Trouble in mind, I'm blue
But I won't be blue always
'Cause I know the sun's gonna shine in my back door someday

The song has roots that pre-date blues. Two spiritual songs from the 1800s have been identified as antecedents: "I'm a-Trouble in De Mind", published in the Slave Songs of the United States (1867); and "I'm Troubled in Mind", cited in The Story of the [Fisk University] Jubilee Singers and Their Songs (1880). Other folk song collections from the early 1900s include similar titles, but the lyrics are not the same as those later used by Richard M. Jones.

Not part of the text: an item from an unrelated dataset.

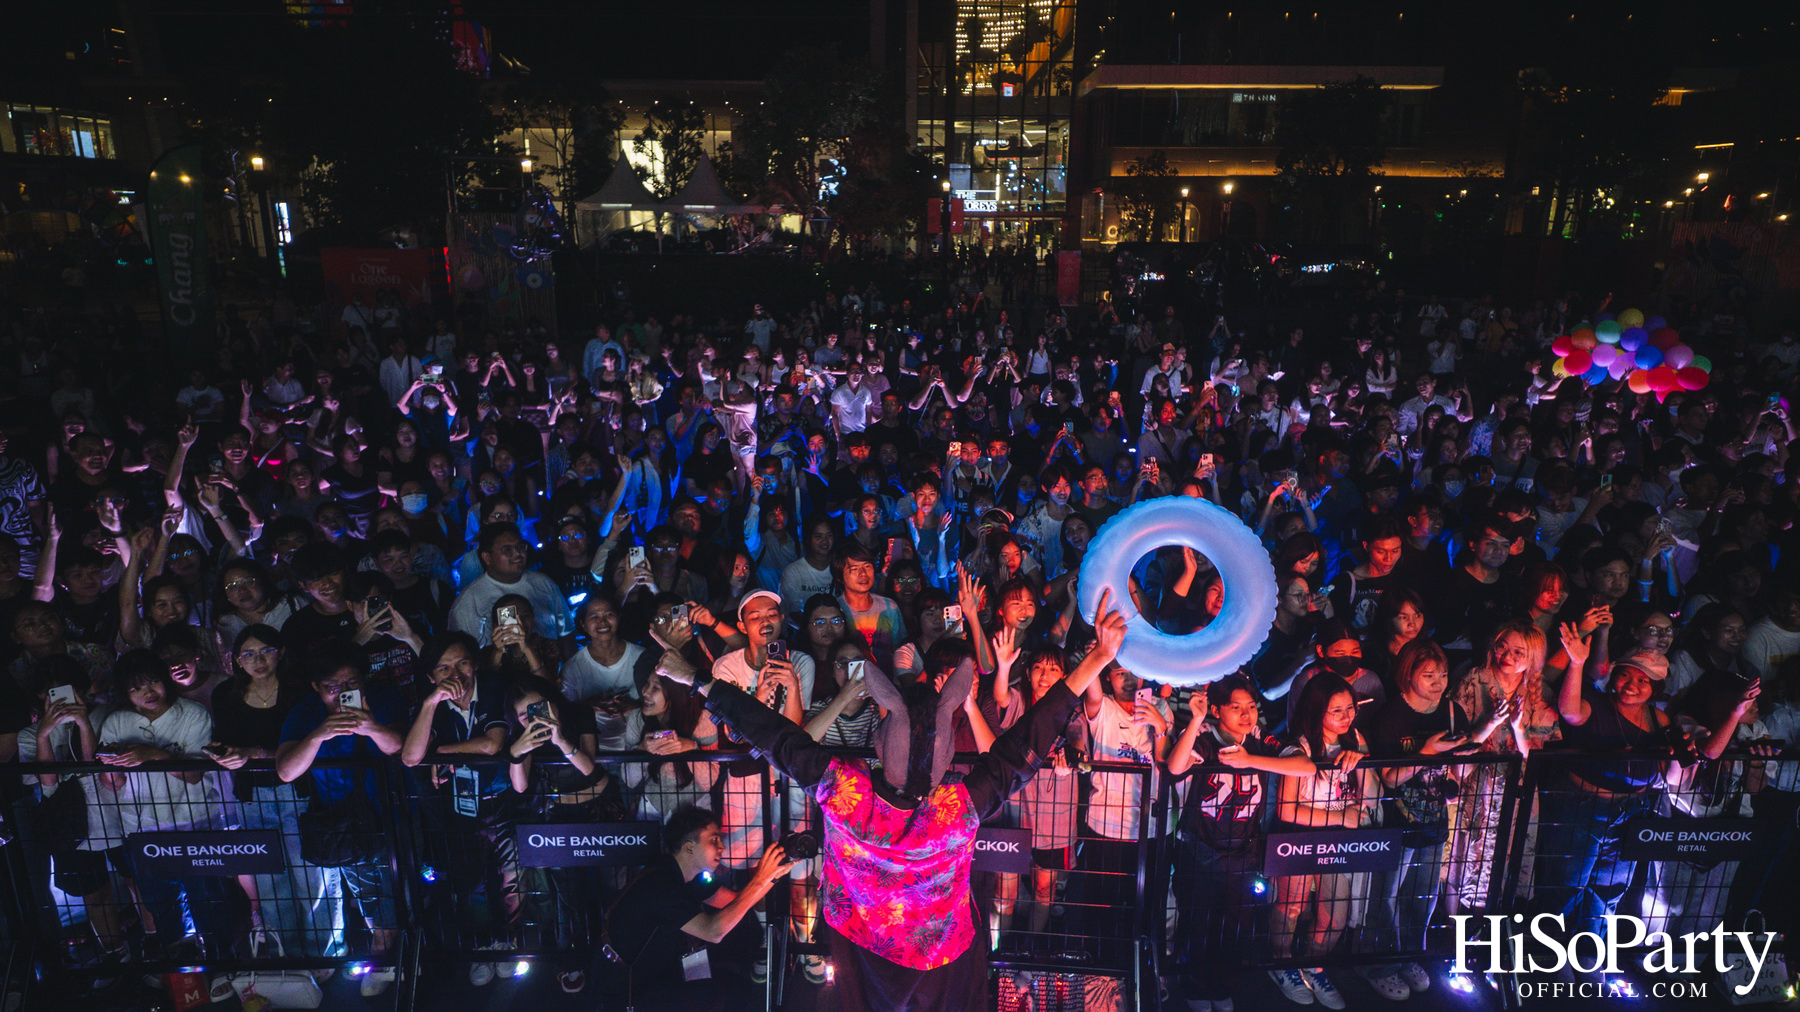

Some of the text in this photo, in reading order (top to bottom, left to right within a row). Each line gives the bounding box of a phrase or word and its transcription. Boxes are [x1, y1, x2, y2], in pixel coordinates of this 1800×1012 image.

Jones' lyrics deal with thoughts of suicide. Early recordings include the verses:

Sometimes I feel like livin'
Sometimes I feel like dyin' ...
I'm gonna lay my head
On the lonesome railroad line
Let the 2:19
Satisfy my mind

Despite the sense of pain and despair, music writers such as Adam Gussow and Paul Ackerman point to the hope engendered by the refrain "I won't be blue always ... For the sun will shine in my back door some day". Blues historian William Barlow calls the song "the anthem of the classic blues genre" and writer Steve Sullivan describes it as "one of the most indelible blues compositions of the 1920s.

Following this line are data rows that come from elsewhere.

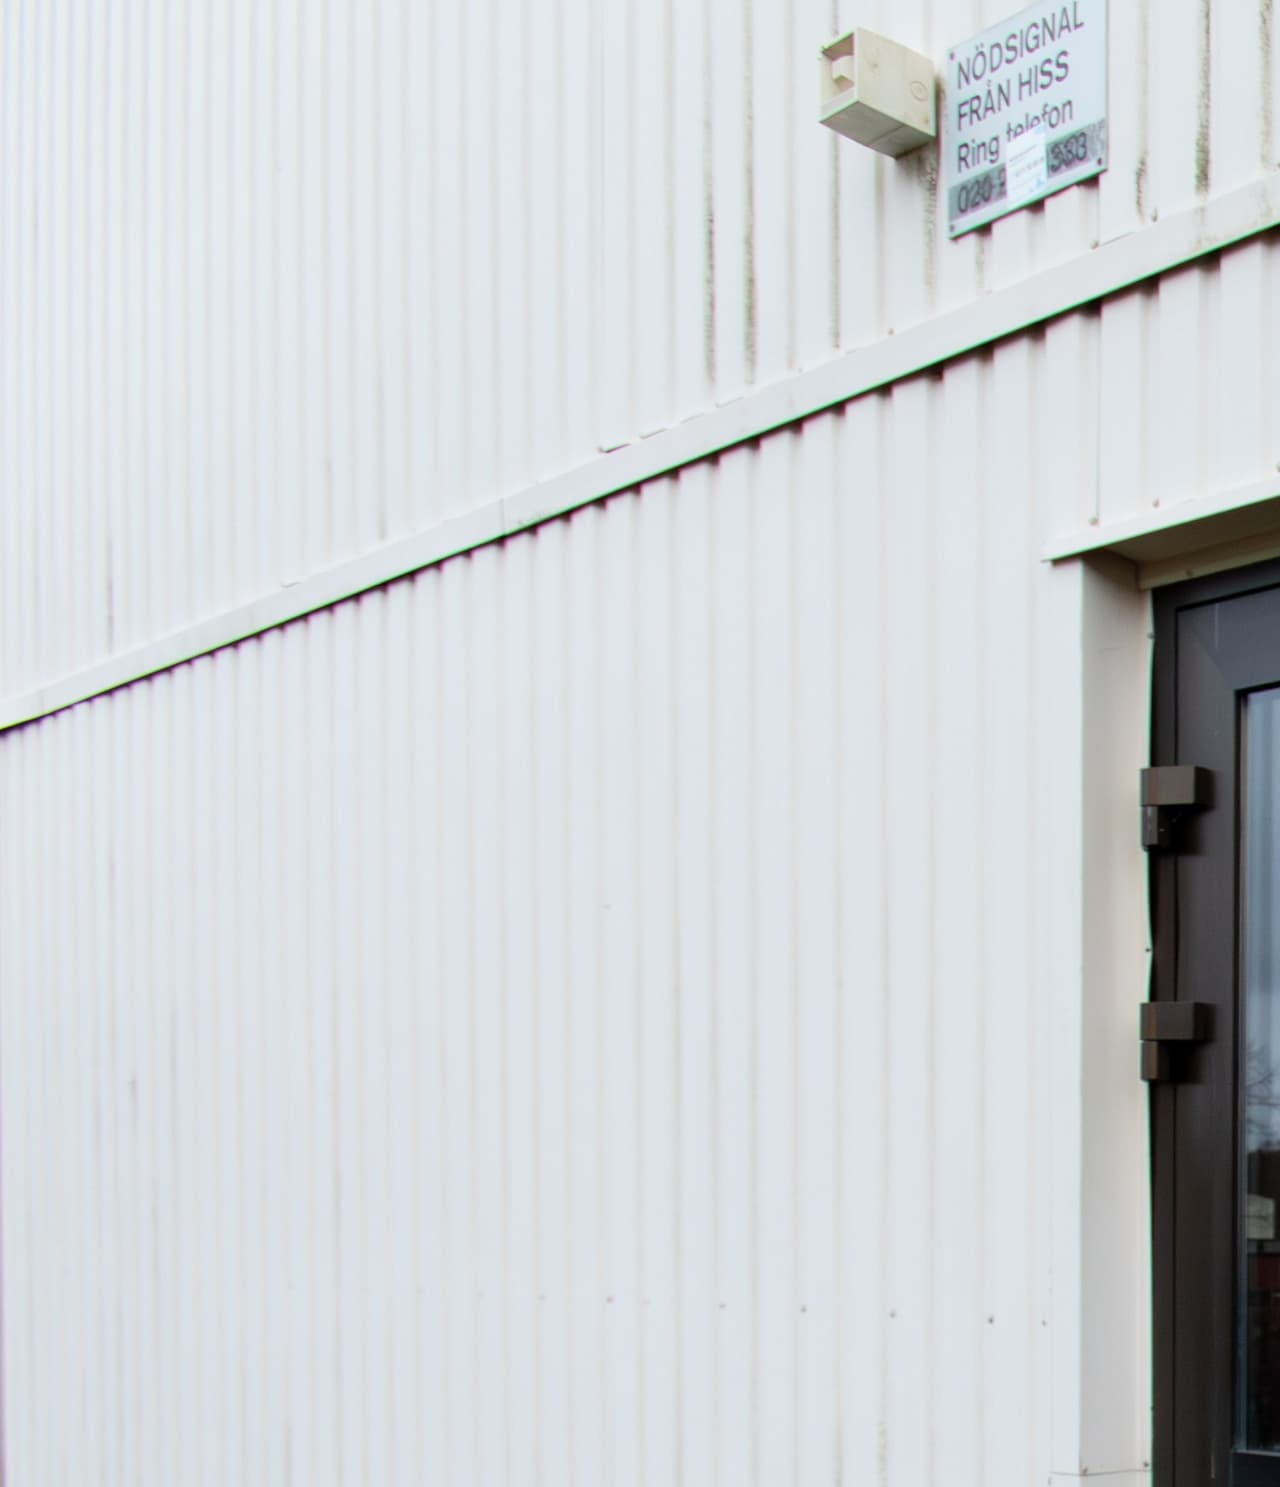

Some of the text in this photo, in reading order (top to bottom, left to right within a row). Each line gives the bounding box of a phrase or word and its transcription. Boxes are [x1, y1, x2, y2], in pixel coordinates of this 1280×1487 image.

[956, 1, 1085, 90] NÖDSIGNAL
[957, 51, 1070, 131] FRÅN HISS
[957, 135, 1001, 173] Ring
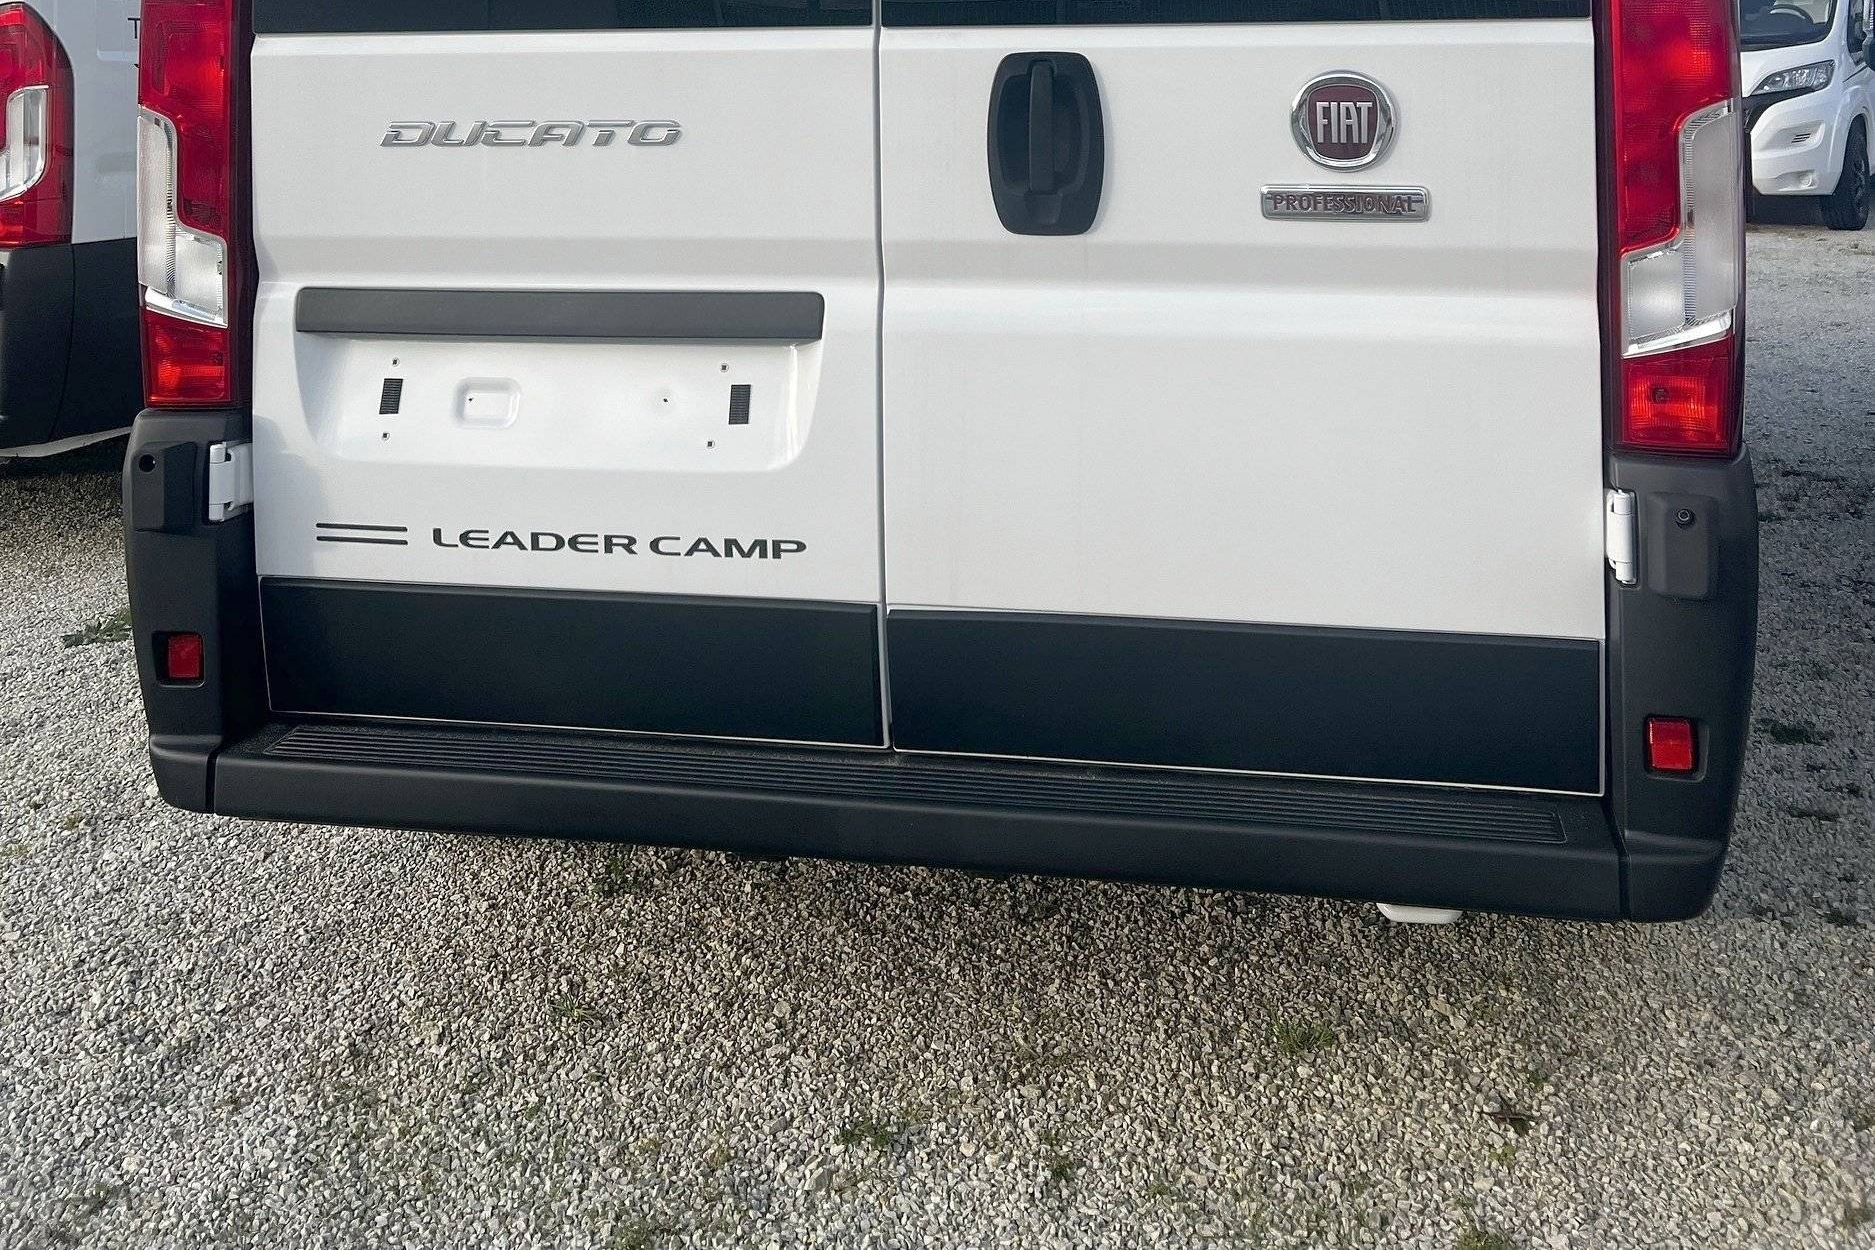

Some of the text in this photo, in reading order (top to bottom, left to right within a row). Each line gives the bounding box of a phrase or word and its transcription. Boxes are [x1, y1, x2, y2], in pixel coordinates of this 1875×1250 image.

[379, 120, 681, 147] DUCATO
[1315, 101, 1373, 144] FIAT
[1272, 193, 1418, 214] PROFESSIONAL
[432, 527, 808, 560] LEADER CAMP

Musically, the song is an eight-bar blues, used with variations in other early classic female blues songs, such as "Ain't Nobody's Business" (written by Porter Grainger and Everett Robbins in 1922) and "Nobody Knows You When You're Down and Out" (Jimmy Cox, 1923). One music transcription shows an eight-bar chord progression in the key of G major in common or 4/4 time at a slow tempo:

| I | V^{7} | I^{7} | IV ♯IV^{o} | I | ii^{7} V^{7} | I I^{7} | ii^{7} V^{7} |

Another has a simplified version with the lyrics:
"Trouble in [I] mind. I'm [V] blue. But I [I] won't be blue al- [IV] ways, 'cause the [I] sun's gonna shine in [V] my backdoor some- [I] day".

==Recordings==
Blues historian Gerard Herzhaft identifies "Trouble in Mind" as a blues standard "that has been recorded over and over again in jazz, blues, and pop". In 1924, Thelma La Vizzo was the first to record the tune, with Jones accompanying her on piano.
Two years later, Bertha "Chippie" Hill recorded it, with Jones and Louis Armstrong on cornet (sometimes identified as trumpet). In a review of Hill's 1926 rendition by early jazz critic Rudi Blesh, he noted "poetically and musically it is of rare order ... The voice sings in high register, except for the downward cadences which end the phrases; the taut, muted trumpet is very blue in tone; underneath, the piano is simple and rich". In 2020, the Blues Foundation inducted Hill's rendition into the Blues Hall of Fame as a "Classic of Blues Recording".

When Georgia White recorded the song in 1936, she also was accompanied by Jones on piano, and by a guitarist and bassist. According to Big Bill Broonzy, her performances beginning in 1929 with Jimmie Noone helped to popularize the piece long before she recorded it. (Note: Broonzy recorded the song several times and a solo performance with vocal and guitar is included on Trouble in Mind (2000), a collection of some of his 1956–1957 recordings by Smithsonian Folkways.)

In 1952, Dinah Washington recorded "Trouble in Mind", which was released shortly after her rendition of "Wheel of Fortune". Hers was the first recording of the song to reach the record charts, peaking at number four on the Billboard Rhythm & Blues chart. Reviews from 1952 welcomed her return to a blues singing-style after pop-oriented songs, such as "Wheel of Fortune".

Nina Simone also scored a hit with it in 1961, when her recording reached numbers 11 on the R&B chart and 92 on the Billboard Hot 100 singles chart. Several additional recordings by Simone are in release, including a live performance from the 1960 Newport Jazz Festival (Nina Simone at Newport) and a more intimate small-combo studio version from 1965 (Pastel Blues). In a review of the 1965 Antibes–Juan-les-Pins Jazz Festival in France, Billboard noted her performance of "Trouble in Mind" as "the blues at its most compelling and featured such unorthodox lyrical variations as 'Gonna let the 2:19 train and barbiturates ease my troubled mind'".

Marianne Faithfull recorded the song for the neo-noir film Trouble in Mind (film) in 1985.

A 2011 live recording from Levon Helm and Mavis Staples appears on the 2022 album Carry Me Home.